PROMPT: All entries must be repeated exactly. No picture should appear in the result.

Stored dataset items:
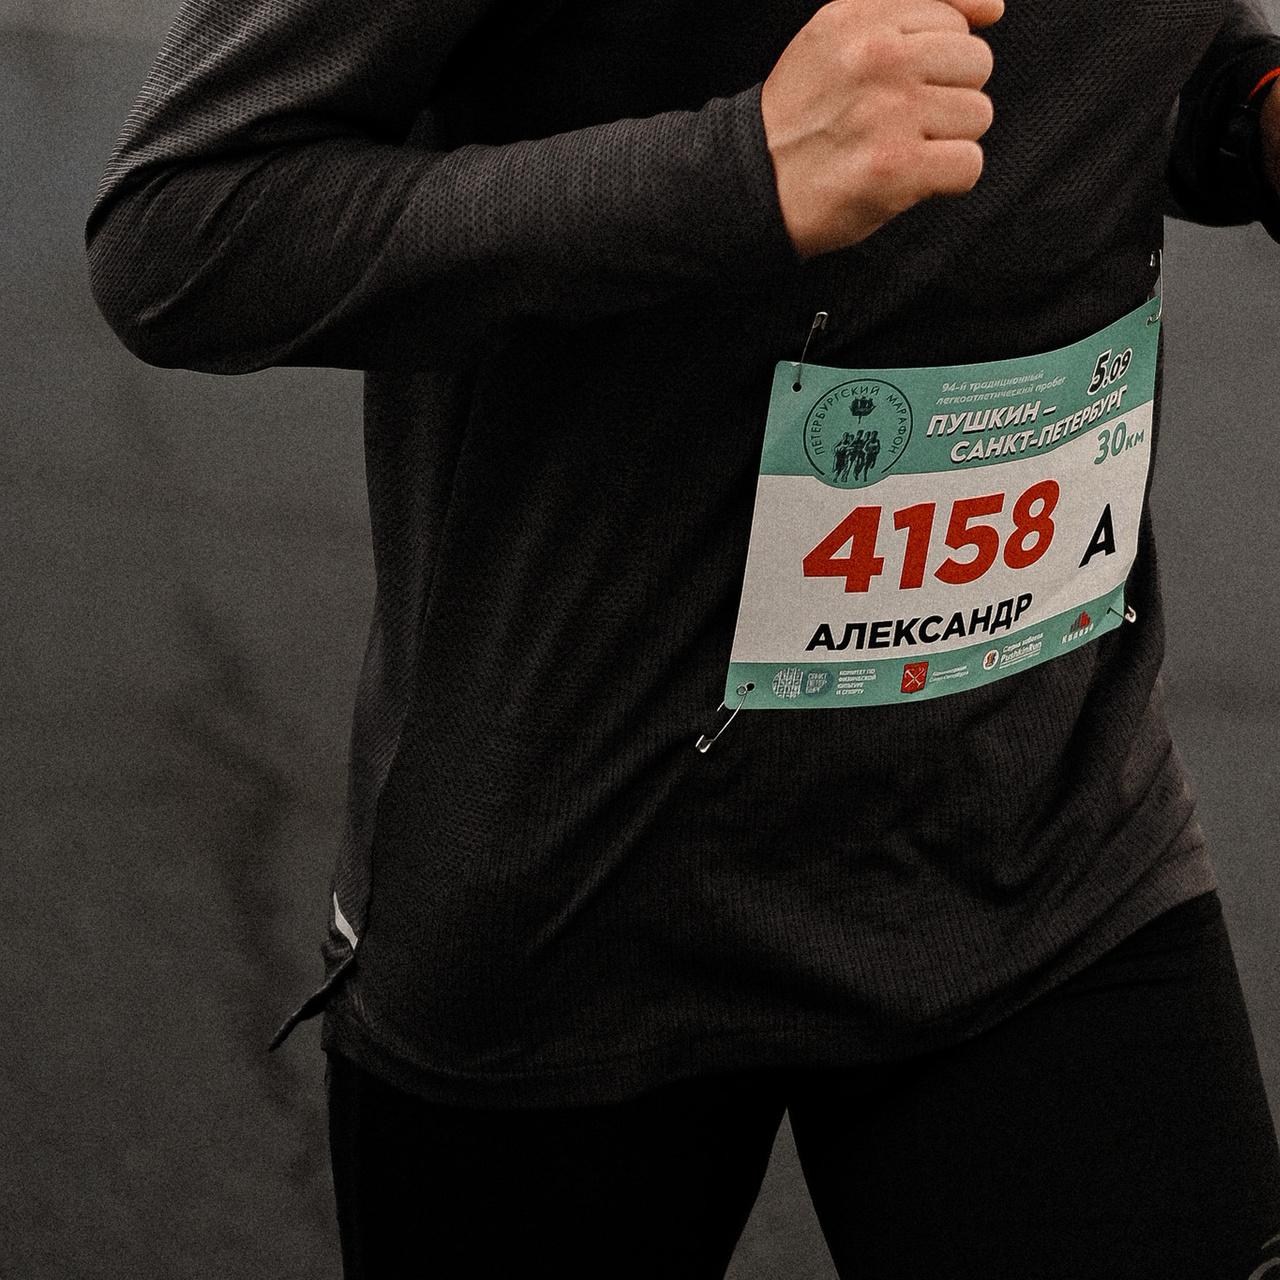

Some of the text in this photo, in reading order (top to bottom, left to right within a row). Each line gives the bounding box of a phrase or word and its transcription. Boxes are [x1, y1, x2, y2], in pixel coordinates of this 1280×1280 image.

[935, 376, 1067, 405] легкоатлетический пробег
[941, 369, 1045, 393] 94-й традиционный
[1087, 347, 1133, 396] 5.09
[810, 385, 908, 456] ПЕТЕРБУРГСКИЙ МАРАФОН
[926, 400, 1042, 437] ПУШКИН
[950, 384, 1128, 463] САНКТ-ПЕТЕРБУРГ
[802, 479, 1061, 594] 4158
[805, 592, 1034, 653] АЛЕКСАНДР

ANSWER FOR THIS EXERCISE:
Some of the text in this photo, in reading order (top to bottom, left to right within a row). Each line gives the bounding box of a phrase or word and its transcription. Boxes are [x1, y1, x2, y2], in pixel coordinates of this 1280×1280 image.

[935, 376, 1067, 405] легкоатлетический пробег
[941, 369, 1045, 393] 94-й традиционный
[1087, 347, 1133, 396] 5.09
[810, 385, 908, 456] ПЕТЕРБУРГСКИЙ МАРАФОН
[926, 400, 1042, 437] ПУШКИН
[950, 384, 1128, 463] САНКТ-ПЕТЕРБУРГ
[802, 479, 1061, 594] 4158
[805, 592, 1034, 653] АЛЕКСАНДР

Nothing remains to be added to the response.